• _Problem description_
Write out each record exactly and skip every image.

[Dataset extract Boundary: Start]

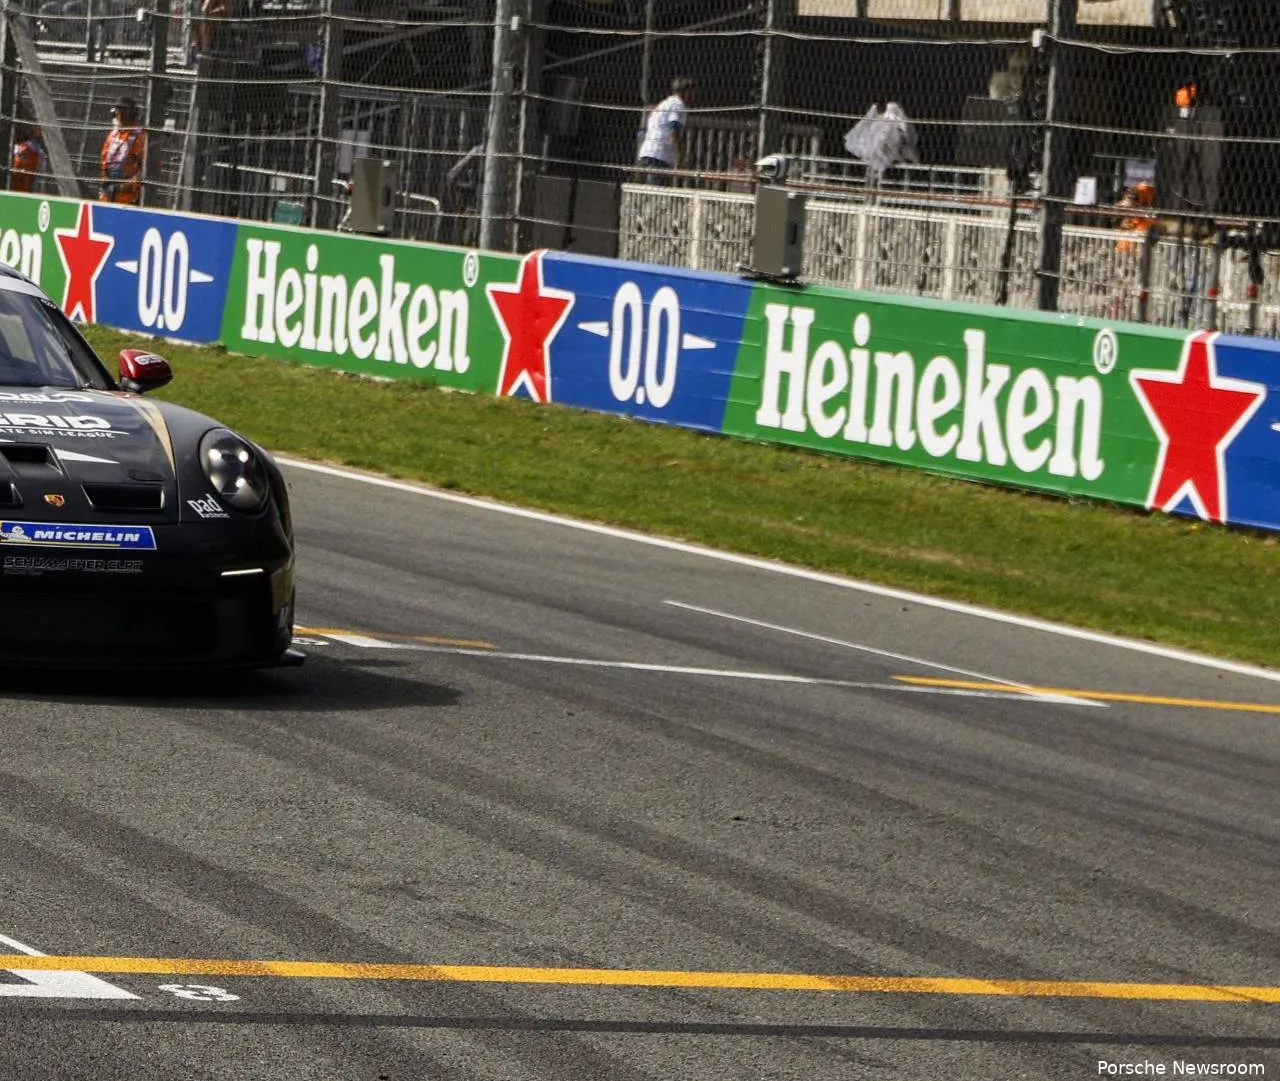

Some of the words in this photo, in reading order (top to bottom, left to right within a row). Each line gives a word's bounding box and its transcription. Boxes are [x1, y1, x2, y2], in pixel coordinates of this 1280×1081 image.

[241, 238, 471, 373] Heineken
[755, 303, 1105, 481] Heineken
[28, 429, 54, 437] SIM
[59, 431, 116, 439] LEAGUE
[187, 493, 223, 518] pad
[34, 530, 140, 542] MICHELIN
[3, 556, 105, 570] SCHUMACHER

[Dataset extract Boundary: End]

• _Answer_
Some of the words in this photo, in reading order (top to bottom, left to right within a row). Each line gives a word's bounding box and its transcription. Boxes are [x1, y1, x2, y2], in pixel coordinates of this 1280×1081 image.

[241, 238, 471, 373] Heineken
[755, 303, 1105, 481] Heineken
[28, 429, 54, 437] SIM
[59, 431, 116, 439] LEAGUE
[187, 493, 223, 518] pad
[34, 530, 140, 542] MICHELIN
[3, 556, 105, 570] SCHUMACHER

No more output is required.